(THE INPUT)

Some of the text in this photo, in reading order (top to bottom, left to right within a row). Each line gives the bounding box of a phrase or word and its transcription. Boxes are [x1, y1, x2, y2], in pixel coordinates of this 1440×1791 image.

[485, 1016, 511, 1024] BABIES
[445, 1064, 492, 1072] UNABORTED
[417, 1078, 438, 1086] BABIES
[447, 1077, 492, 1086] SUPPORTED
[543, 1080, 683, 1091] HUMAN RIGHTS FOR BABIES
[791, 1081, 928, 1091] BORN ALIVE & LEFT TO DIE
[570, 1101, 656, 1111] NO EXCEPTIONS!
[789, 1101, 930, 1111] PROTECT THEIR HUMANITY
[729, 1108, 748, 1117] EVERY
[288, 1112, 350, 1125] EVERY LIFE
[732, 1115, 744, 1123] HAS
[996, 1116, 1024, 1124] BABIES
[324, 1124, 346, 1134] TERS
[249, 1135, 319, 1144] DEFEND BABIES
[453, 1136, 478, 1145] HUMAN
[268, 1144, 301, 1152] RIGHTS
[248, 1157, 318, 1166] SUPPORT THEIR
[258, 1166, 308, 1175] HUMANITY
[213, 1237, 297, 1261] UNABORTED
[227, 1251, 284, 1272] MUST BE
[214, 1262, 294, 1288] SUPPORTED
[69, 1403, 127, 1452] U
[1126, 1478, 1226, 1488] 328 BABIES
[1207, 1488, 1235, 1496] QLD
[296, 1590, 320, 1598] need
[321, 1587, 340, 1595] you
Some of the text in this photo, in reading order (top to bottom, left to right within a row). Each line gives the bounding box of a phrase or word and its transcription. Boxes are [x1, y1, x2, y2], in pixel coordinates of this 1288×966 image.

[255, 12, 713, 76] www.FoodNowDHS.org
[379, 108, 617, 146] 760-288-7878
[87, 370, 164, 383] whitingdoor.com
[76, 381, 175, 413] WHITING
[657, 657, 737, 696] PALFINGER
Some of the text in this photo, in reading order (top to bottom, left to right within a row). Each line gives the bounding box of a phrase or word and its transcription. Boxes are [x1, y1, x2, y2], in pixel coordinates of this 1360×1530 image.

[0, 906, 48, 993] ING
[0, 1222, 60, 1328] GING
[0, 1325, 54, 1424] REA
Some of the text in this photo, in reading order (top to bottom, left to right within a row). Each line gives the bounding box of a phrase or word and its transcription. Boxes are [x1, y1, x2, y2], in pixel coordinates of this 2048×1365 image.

(End THE INPUT)

# WHAT TO PRODUCE:
In this exercise, the data above is to be printed exactly.

# EXERCISE SOLUTION:
Some of the text in this photo, in reading order (top to bottom, left to right within a row). Each line gives the bounding box of a phrase or word and its transcription. Boxes are [x1, y1, x2, y2], in pixel coordinates of this 1440×1791 image.

[485, 1016, 511, 1024] BABIES
[445, 1064, 492, 1072] UNABORTED
[417, 1078, 438, 1086] BABIES
[447, 1077, 492, 1086] SUPPORTED
[543, 1080, 683, 1091] HUMAN RIGHTS FOR BABIES
[791, 1081, 928, 1091] BORN ALIVE & LEFT TO DIE
[570, 1101, 656, 1111] NO EXCEPTIONS!
[789, 1101, 930, 1111] PROTECT THEIR HUMANITY
[729, 1108, 748, 1117] EVERY
[288, 1112, 350, 1125] EVERY LIFE
[732, 1115, 744, 1123] HAS
[996, 1116, 1024, 1124] BABIES
[324, 1124, 346, 1134] TERS
[249, 1135, 319, 1144] DEFEND BABIES
[453, 1136, 478, 1145] HUMAN
[268, 1144, 301, 1152] RIGHTS
[248, 1157, 318, 1166] SUPPORT THEIR
[258, 1166, 308, 1175] HUMANITY
[213, 1237, 297, 1261] UNABORTED
[227, 1251, 284, 1272] MUST BE
[214, 1262, 294, 1288] SUPPORTED
[69, 1403, 127, 1452] U
[1126, 1478, 1226, 1488] 328 BABIES
[1207, 1488, 1235, 1496] QLD
[296, 1590, 320, 1598] need
[321, 1587, 340, 1595] you
Some of the text in this photo, in reading order (top to bottom, left to right within a row). Each line gives the bounding box of a phrase or word and its transcription. Boxes are [x1, y1, x2, y2], in pixel coordinates of this 1288×966 image.

[255, 12, 713, 76] www.FoodNowDHS.org
[379, 108, 617, 146] 760-288-7878
[87, 370, 164, 383] whitingdoor.com
[76, 381, 175, 413] WHITING
[657, 657, 737, 696] PALFINGER
Some of the text in this photo, in reading order (top to bottom, left to right within a row). Each line gives the bounding box of a phrase or word and its transcription. Boxes are [x1, y1, x2, y2], in pixel coordinates of this 1360×1530 image.

[0, 906, 48, 993] ING
[0, 1222, 60, 1328] GING
[0, 1325, 54, 1424] REA
Some of the text in this photo, in reading order (top to bottom, left to right within a row). Each line gives the bounding box of a phrase or word and its transcription. Boxes are [x1, y1, x2, y2], in pixel coordinates of this 2048×1365 image.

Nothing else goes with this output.